«Sembrar alarmas para vender alarmas»
La necesidad de vender más y más es un característica inherente al sistema de producción capitalista. Unas compras y ventas, muchas veces desaforadas, que necesitan ir acompañadas de una oportuna vorágine consumista.
De que ello suceda, y de que se encadenen cada vez con más frecuencia, se encargan los muy estudiados periodos de rebajas, de ofertas y conmemoraciones varias, o fenómenos nacientes como el Black Friday. Pero, si hay un momento del año en el que es prácticamente imposible verse libre del mismo ese es el ciclo que ahora comienza. Para empezar, en la mayoría de las ciudades y pueblos, ya se han colocado y encendido las luces que iluminan su decorado.
Sin embargo, y pese a las palabras de este encabezamiento, no pensaba dedicar estas líneas al siempre exacerbado consumo navideño; ese en el que tanto prima el modelo económico más insolidario y despilfarrador, aunque, lógicamente, envuelto en los más tiernos y emocionados deseos de felicidad. Me centraré, más bien, en barajar algunas de las alarmas intencionadas que podemos ir encontrando en nuestro mundo globalizado actual.

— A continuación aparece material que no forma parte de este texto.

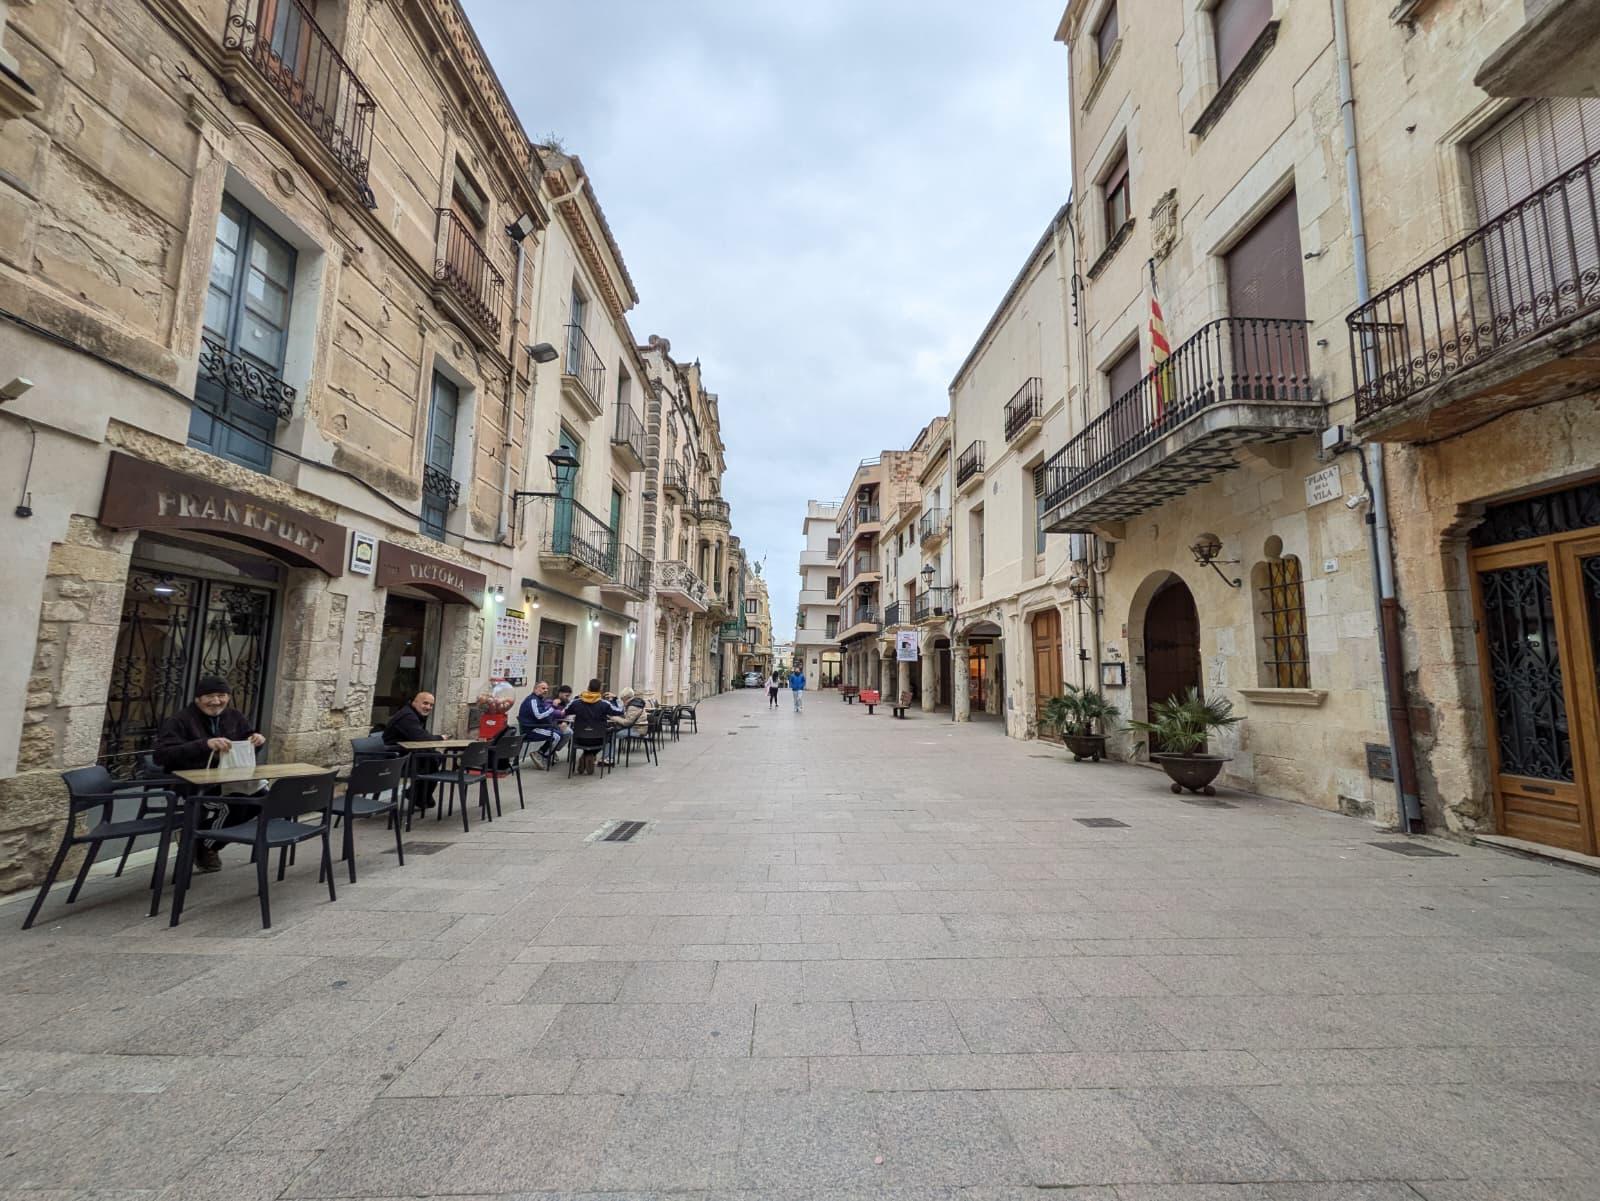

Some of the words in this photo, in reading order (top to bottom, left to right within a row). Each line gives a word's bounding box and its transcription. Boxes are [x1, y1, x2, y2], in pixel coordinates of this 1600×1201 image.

[1308, 470, 1334, 486] PLAÇA
[1313, 489, 1332, 500] VILA
[158, 491, 324, 553] FRANKFURT
[410, 564, 464, 591] VICTORIA

Para empezar, me haré eco de un trabajo de investigación que hace unos meses ya revelaba la agresiva estrategia que viene utilizando una de las principales empresas de instalación de alarmas en España. En el mismo se nos da cuenta del sibilino montaje destinado a generalizar el miedo entre las familias. Así, sin distinción de casas desocupadas de los bancos y domicilios particulares, se reiteran costosas cuñas publicitarias que nos alientan del peligro de una vivienda vacía; circunstancia que se convierte en la base de su lucrativo negocio. E incluso se llega a desvelar cómo, en un curso formativo, uno de los gerentes apremiaba a sus subalternos: “¡O ponen la alarma o no duermen!”.

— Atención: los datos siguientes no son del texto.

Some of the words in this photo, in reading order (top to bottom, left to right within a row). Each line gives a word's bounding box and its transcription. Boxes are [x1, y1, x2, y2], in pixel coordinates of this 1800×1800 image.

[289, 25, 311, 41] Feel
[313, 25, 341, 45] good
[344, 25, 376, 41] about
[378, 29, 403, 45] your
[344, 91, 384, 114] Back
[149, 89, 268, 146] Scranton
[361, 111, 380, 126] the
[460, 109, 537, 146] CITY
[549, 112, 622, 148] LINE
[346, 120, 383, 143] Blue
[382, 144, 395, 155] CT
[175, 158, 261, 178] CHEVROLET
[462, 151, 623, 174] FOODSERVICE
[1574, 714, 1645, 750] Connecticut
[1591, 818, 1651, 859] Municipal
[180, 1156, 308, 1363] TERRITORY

Nada diferente, –si exceptuamos, claro está, la creación de un clima de inseguridad permanente, de robos y de ocupación de viviendas del todo injustificables–, de las bruscas campañas de los operadores de telefonía; cuando tratábamos de echar la reconfortante siesta veraniega o en la voracidad infinita que muestran las eléctricas y los bancos durante cualquier época del año, que, en el momento del cambio de compañía, te ofrecerán la energía prácticamente gratis… Hasta que llegue el día de pagarla (o de apagarla, a secas). Los segundos con su consabida letra pequeña y sus infinitos cobros de comisiones (donde, la banca siempre gana) y la pérdida creciente de los servicios que prestan a sus clientes. Todo un modelo de consumo ininteligible e insensato dirigido, ya se sabe, a la máxima de que el poder quiere más poder y el dinero quiere más dinero.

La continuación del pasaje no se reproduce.